#### [Work required]
The copy must match the data below line for line and contain no images.

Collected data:

■ ■ ■ ■

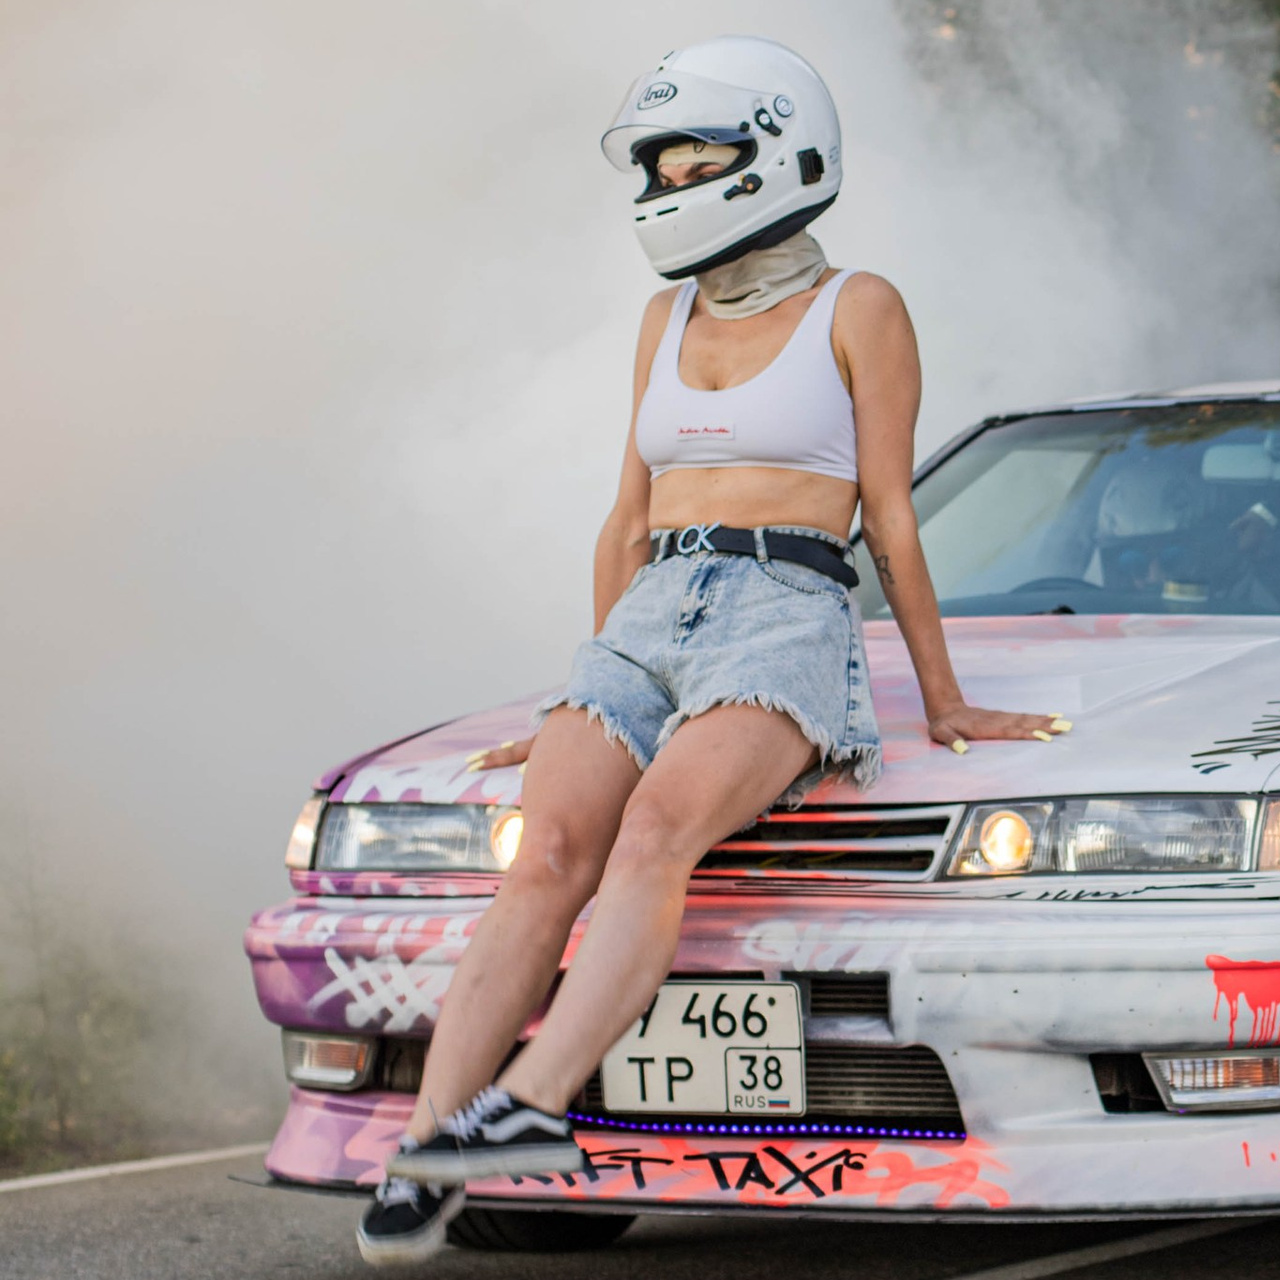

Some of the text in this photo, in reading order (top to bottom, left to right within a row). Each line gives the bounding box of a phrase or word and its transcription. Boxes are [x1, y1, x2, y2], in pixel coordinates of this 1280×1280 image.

[677, 520, 721, 554] CK
[681, 993, 768, 1038] 466
[739, 1055, 783, 1090] 38
[734, 1095, 767, 1108] RUS
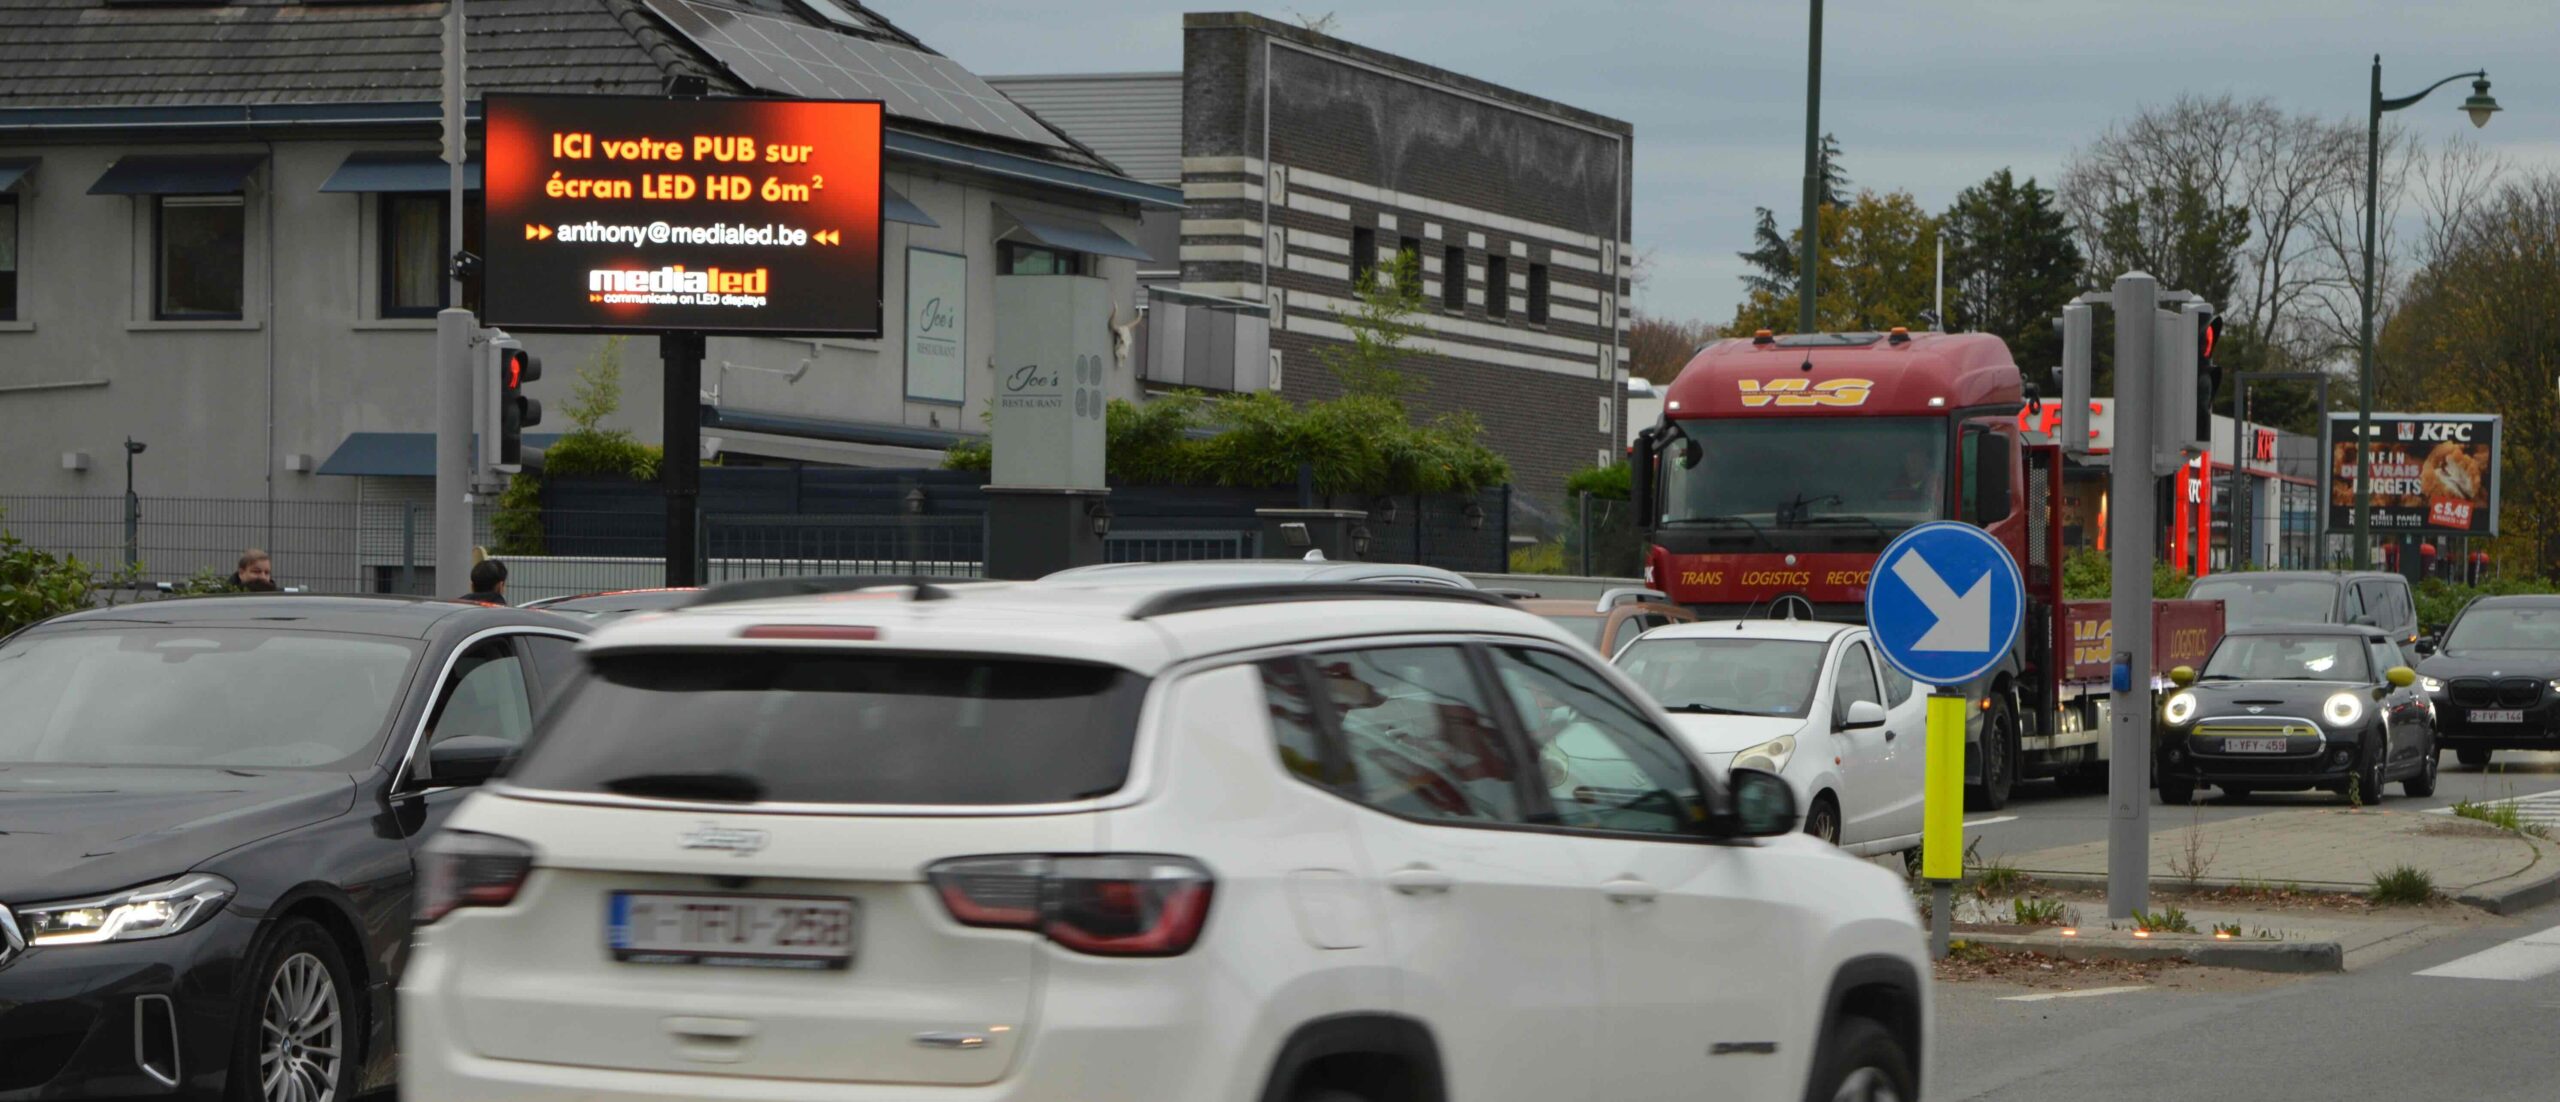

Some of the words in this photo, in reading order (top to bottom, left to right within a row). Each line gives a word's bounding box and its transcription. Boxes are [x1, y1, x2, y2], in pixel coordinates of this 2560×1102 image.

[553, 133, 592, 159] ICI
[602, 137, 683, 161] votre
[694, 136, 755, 161] PUB
[766, 142, 813, 163] sur
[546, 171, 631, 199] écran
[642, 175, 695, 200] LED
[707, 176, 752, 201] HD
[557, 221, 807, 248] anthony@medialed.be
[589, 265, 767, 293] medialed
[604, 294, 677, 304] communicate
[679, 294, 694, 305] on
[697, 294, 719, 305] LED
[721, 294, 766, 307] displays
[920, 297, 954, 332] Joe's
[1006, 364, 1058, 391] Joe's
[1002, 399, 1062, 409] RESTAURANT
[1738, 378, 1875, 406] VLG
[2419, 422, 2473, 441] KFC
[2368, 452, 2405, 464] NFIN
[2373, 465, 2419, 477] VRAIS
[1681, 571, 1723, 585] TRANS
[1741, 571, 1811, 585] LOGISTICS
[1826, 571, 1872, 585] RECYC
[2170, 628, 2207, 660] LOGISTICS
[2228, 741, 2285, 751] 1-YFY-459
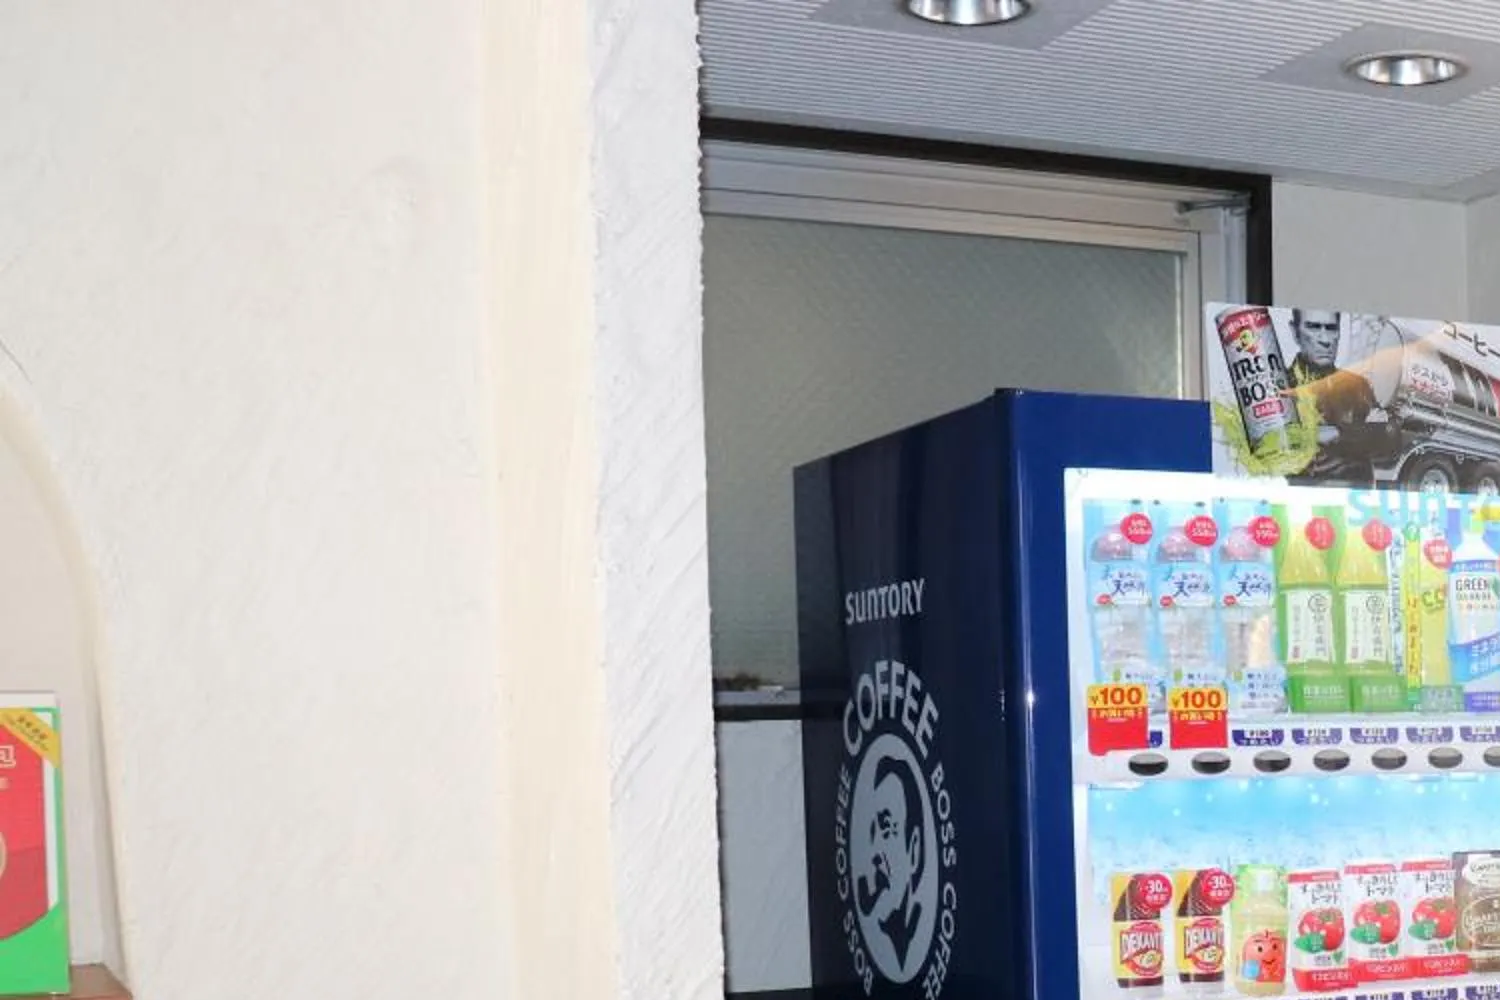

■ ■ ■ ■

#### [Output of the task]
Some of the text in this photo, in reading order (top to bottom, left to right within a row). Each line gives the bounding box of a phrase or word and its transcription. Boxes are [x1, y1, x2, y2], in pixel coordinates of this 1280×1280 image.

[677, 520, 721, 554] CK
[681, 993, 768, 1038] 466
[739, 1055, 783, 1090] 38
[734, 1095, 767, 1108] RUS

Some of the words in this photo, in reading order (top to bottom, left to right within a row). Each line gives a word's bounding box and its transcription. Boxes are [x1, y1, x2, y2], in pixel coordinates of this 2560×1102 image.

[553, 133, 592, 159] ICI
[602, 137, 683, 161] votre
[694, 136, 755, 161] PUB
[766, 142, 813, 163] sur
[546, 171, 631, 199] écran
[642, 175, 695, 200] LED
[707, 176, 752, 201] HD
[557, 221, 807, 248] anthony@medialed.be
[589, 265, 767, 293] medialed
[604, 294, 677, 304] communicate
[679, 294, 694, 305] on
[697, 294, 719, 305] LED
[721, 294, 766, 307] displays
[920, 297, 954, 332] Joe's
[1006, 364, 1058, 391] Joe's
[1002, 399, 1062, 409] RESTAURANT
[1738, 378, 1875, 406] VLG
[2419, 422, 2473, 441] KFC
[2368, 452, 2405, 464] NFIN
[2373, 465, 2419, 477] VRAIS
[1681, 571, 1723, 585] TRANS
[1741, 571, 1811, 585] LOGISTICS
[1826, 571, 1872, 585] RECYC
[2170, 628, 2207, 660] LOGISTICS
[2228, 741, 2285, 751] 1-YFY-459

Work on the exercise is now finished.